**Records from a data collection**
⟨
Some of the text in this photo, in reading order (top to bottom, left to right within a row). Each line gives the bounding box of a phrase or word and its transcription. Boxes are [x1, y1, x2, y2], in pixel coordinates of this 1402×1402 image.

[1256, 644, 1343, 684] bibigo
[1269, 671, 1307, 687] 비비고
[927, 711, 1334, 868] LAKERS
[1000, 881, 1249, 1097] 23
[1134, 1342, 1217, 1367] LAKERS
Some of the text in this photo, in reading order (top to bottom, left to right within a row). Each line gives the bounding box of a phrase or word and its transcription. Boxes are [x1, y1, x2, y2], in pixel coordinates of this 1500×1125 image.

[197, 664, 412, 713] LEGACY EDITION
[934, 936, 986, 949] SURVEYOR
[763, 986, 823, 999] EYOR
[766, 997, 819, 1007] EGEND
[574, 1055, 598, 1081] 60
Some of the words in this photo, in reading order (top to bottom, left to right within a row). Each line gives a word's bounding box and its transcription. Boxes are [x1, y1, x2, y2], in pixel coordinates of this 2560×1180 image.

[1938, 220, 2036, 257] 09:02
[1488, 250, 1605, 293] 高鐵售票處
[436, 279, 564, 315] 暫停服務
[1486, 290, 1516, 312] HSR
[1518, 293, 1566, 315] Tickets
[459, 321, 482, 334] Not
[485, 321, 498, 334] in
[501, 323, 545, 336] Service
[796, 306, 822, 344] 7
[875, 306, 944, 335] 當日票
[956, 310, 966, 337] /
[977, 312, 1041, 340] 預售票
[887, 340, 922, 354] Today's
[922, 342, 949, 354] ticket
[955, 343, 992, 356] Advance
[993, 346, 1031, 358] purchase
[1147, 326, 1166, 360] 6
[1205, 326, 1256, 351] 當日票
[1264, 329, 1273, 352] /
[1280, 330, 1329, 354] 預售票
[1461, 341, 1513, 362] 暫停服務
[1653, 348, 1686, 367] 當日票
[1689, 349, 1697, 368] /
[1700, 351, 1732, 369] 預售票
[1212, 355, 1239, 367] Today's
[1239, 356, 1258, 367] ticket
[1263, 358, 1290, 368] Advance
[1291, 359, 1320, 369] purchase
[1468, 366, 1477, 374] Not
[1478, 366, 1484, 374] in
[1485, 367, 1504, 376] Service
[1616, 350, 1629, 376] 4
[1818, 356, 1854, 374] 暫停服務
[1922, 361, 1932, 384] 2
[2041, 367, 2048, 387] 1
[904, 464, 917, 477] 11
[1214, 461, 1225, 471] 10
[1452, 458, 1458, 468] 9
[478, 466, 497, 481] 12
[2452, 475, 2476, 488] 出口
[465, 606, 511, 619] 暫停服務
⟩
**TASK DIRECTIONS**
Every single line in the records above must be written out exactly.

**OUTPUT OF THE EXERCISE**
Some of the text in this photo, in reading order (top to bottom, left to right within a row). Each line gives the bounding box of a phrase or word and its transcription. Boxes are [x1, y1, x2, y2], in pixel coordinates of this 1402×1402 image.

[1256, 644, 1343, 684] bibigo
[1269, 671, 1307, 687] 비비고
[927, 711, 1334, 868] LAKERS
[1000, 881, 1249, 1097] 23
[1134, 1342, 1217, 1367] LAKERS
Some of the text in this photo, in reading order (top to bottom, left to right within a row). Each line gives the bounding box of a phrase or word and its transcription. Boxes are [x1, y1, x2, y2], in pixel coordinates of this 1500×1125 image.

[197, 664, 412, 713] LEGACY EDITION
[934, 936, 986, 949] SURVEYOR
[763, 986, 823, 999] EYOR
[766, 997, 819, 1007] EGEND
[574, 1055, 598, 1081] 60
Some of the words in this photo, in reading order (top to bottom, left to right within a row). Each line gives a word's bounding box and its transcription. Boxes are [x1, y1, x2, y2], in pixel coordinates of this 2560×1180 image.

[1938, 220, 2036, 257] 09:02
[1488, 250, 1605, 293] 高鐵售票處
[436, 279, 564, 315] 暫停服務
[1486, 290, 1516, 312] HSR
[1518, 293, 1566, 315] Tickets
[459, 321, 482, 334] Not
[485, 321, 498, 334] in
[501, 323, 545, 336] Service
[796, 306, 822, 344] 7
[875, 306, 944, 335] 當日票
[956, 310, 966, 337] /
[977, 312, 1041, 340] 預售票
[887, 340, 922, 354] Today's
[922, 342, 949, 354] ticket
[955, 343, 992, 356] Advance
[993, 346, 1031, 358] purchase
[1147, 326, 1166, 360] 6
[1205, 326, 1256, 351] 當日票
[1264, 329, 1273, 352] /
[1280, 330, 1329, 354] 預售票
[1461, 341, 1513, 362] 暫停服務
[1653, 348, 1686, 367] 當日票
[1689, 349, 1697, 368] /
[1700, 351, 1732, 369] 預售票
[1212, 355, 1239, 367] Today's
[1239, 356, 1258, 367] ticket
[1263, 358, 1290, 368] Advance
[1291, 359, 1320, 369] purchase
[1468, 366, 1477, 374] Not
[1478, 366, 1484, 374] in
[1485, 367, 1504, 376] Service
[1616, 350, 1629, 376] 4
[1818, 356, 1854, 374] 暫停服務
[1922, 361, 1932, 384] 2
[2041, 367, 2048, 387] 1
[904, 464, 917, 477] 11
[1214, 461, 1225, 471] 10
[1452, 458, 1458, 468] 9
[478, 466, 497, 481] 12
[2452, 475, 2476, 488] 出口
[465, 606, 511, 619] 暫停服務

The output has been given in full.